Margaret Scora, OAPT Past President,

Roberta Tevlin, Editor OAPT Newsletter, teacher Danforth CTI

Mari-Ann Goettsch, teacher at Georgetown DHS

Over the past couple of decades there has been a dramatic decline in students’ abilities to build and solve hands-on challenges. They are well versed in virtual reality but they don’t have much experience in how to work with materials. This is a shame. They are at a disadvantage when learning physics concepts and they will have huge problems with large projects like trebuchets or Rube-Goldberg machines. In this article we will describe a number of very short hands-on projects that provide opportunities to build stuff using cheap materials.
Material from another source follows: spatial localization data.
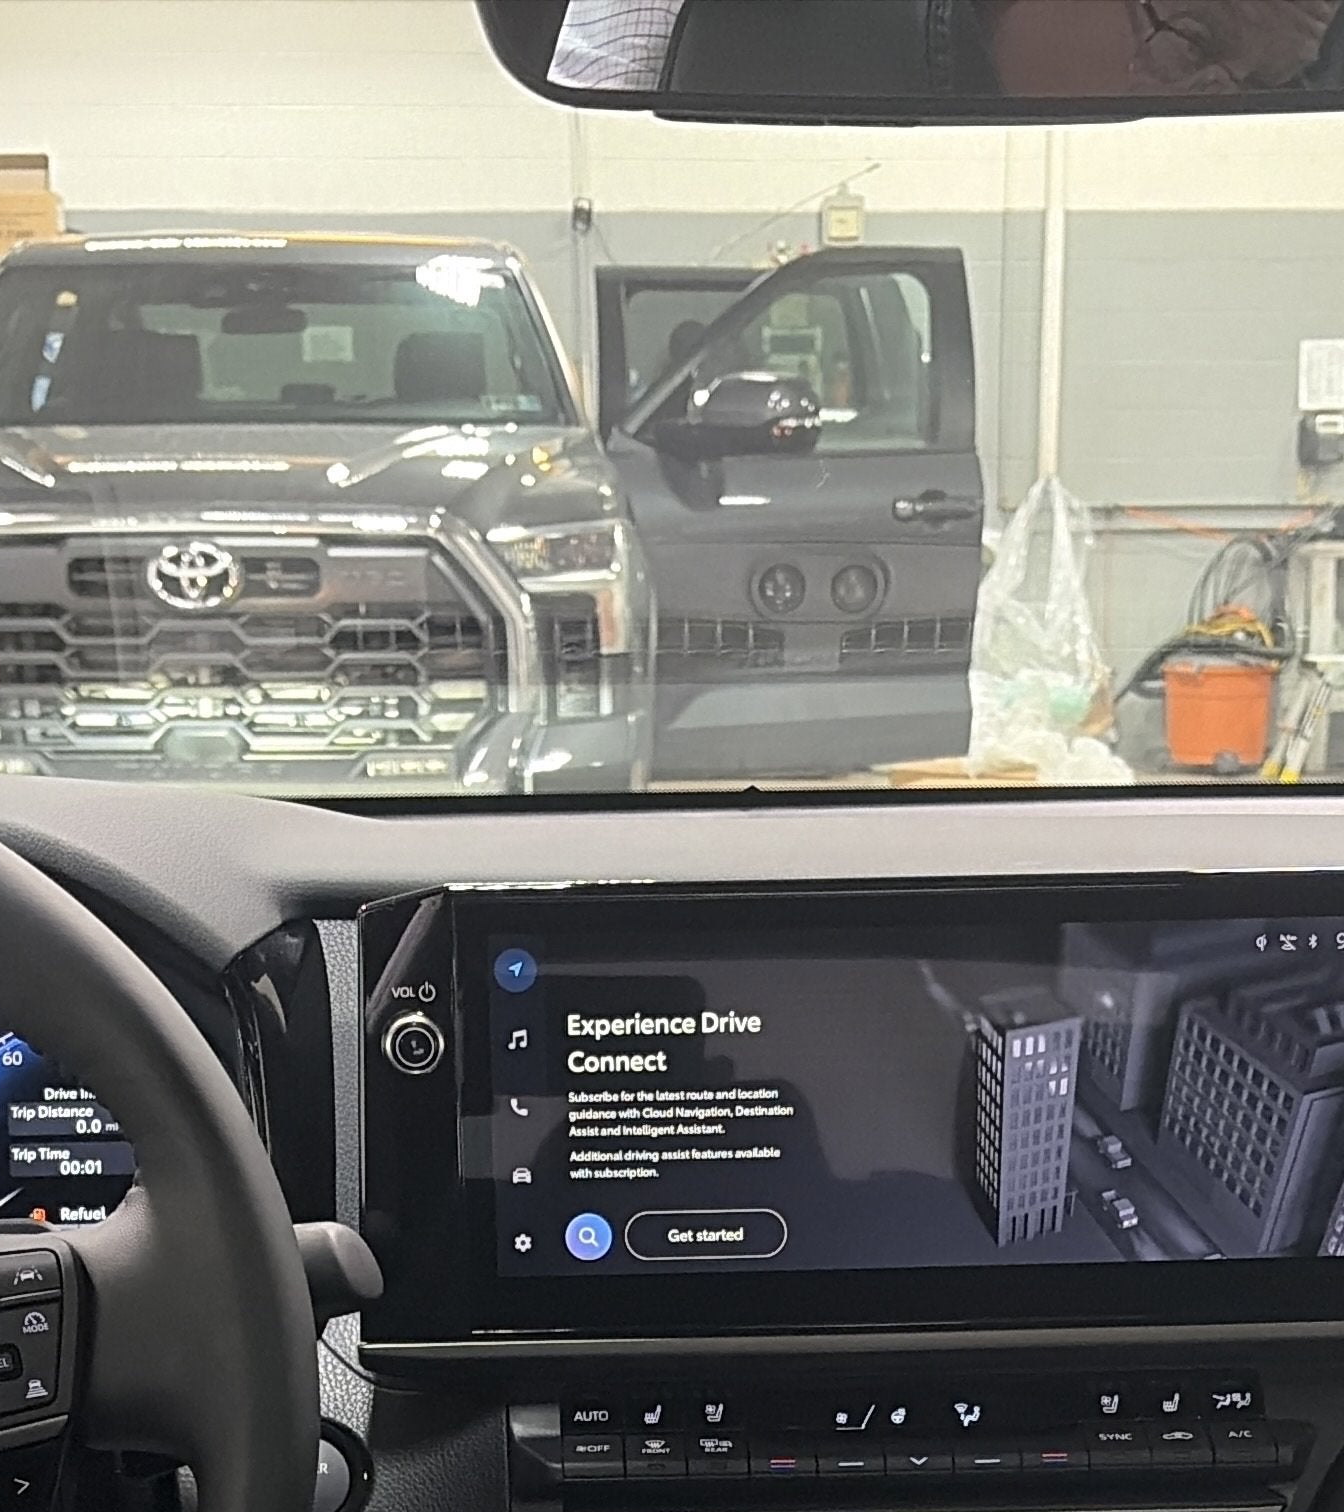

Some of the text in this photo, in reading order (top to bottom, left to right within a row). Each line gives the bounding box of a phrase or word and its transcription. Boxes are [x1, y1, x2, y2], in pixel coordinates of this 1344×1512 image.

[391, 986, 416, 999] VOL
[567, 1010, 762, 1041] Experience Drive
[2, 1051, 23, 1066] 60
[567, 1050, 668, 1073] Connect
[44, 1087, 78, 1100] Drive
[568, 1088, 779, 1103] Subscribe for the latest route and location
[10, 1105, 94, 1121] Trip Distance
[568, 1105, 794, 1122] guidance with Cloud Navigation, Destination
[75, 1119, 119, 1134] 0.0 mi
[568, 1123, 726, 1138] Assist and Intelligent Assistant.
[11, 1147, 71, 1162] Trip Time
[569, 1147, 781, 1163] Additional driving assist features available
[59, 1160, 102, 1176] 00:01
[570, 1167, 659, 1180] with subscription.
[60, 1206, 107, 1221] Refuel
[667, 1227, 745, 1243] Get started
[23, 1322, 49, 1334] MODE
[573, 1410, 609, 1422] AUTO
[1098, 1433, 1133, 1441] SYNC
[1228, 1430, 1253, 1438] A/C
[587, 1445, 611, 1453] OFF
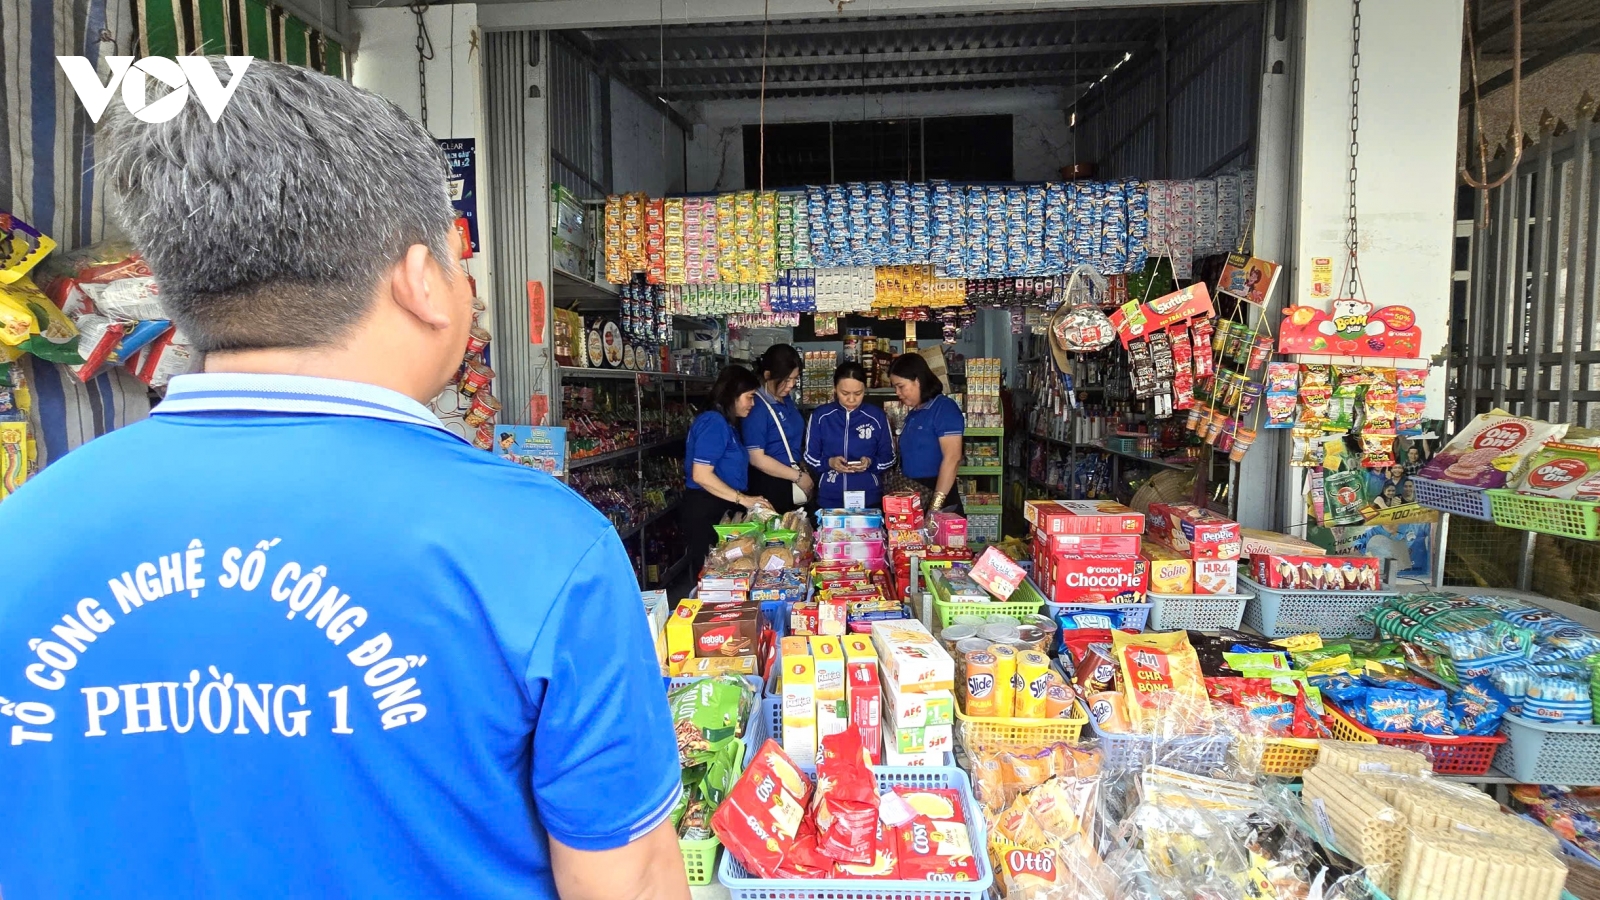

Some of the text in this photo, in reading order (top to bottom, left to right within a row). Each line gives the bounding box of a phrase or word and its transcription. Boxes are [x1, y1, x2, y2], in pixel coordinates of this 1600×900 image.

This article and our up-coming workshop at the 2019 OAPT Conference was inspired by the challenges we experienced teaching the grade 12 college level course.

Roberta taught the course for the first time this year and was surprised by the lack of hands-on skills. They had no more skills than the academic students and they had much less confidence. They didn’t want to look foolish, so many of them just wouldn’t participate in these activities — at least at first.

Mari-Ann had previously taught the 4C course in a more traditional way but changed her delivery this year to a competition-based, hands-on style. Many students who would have likely done “okay” in a traditional classroom thrived in this new situation, while many of those who would have been completely disengaged before, actually enjoyed and participated in the activities regularly. Her biggest challenge was getting the second group to complete the paperwork associate with each lesson. Furthermore, many of the students had to learn how to work well in a group. This took a bit of work.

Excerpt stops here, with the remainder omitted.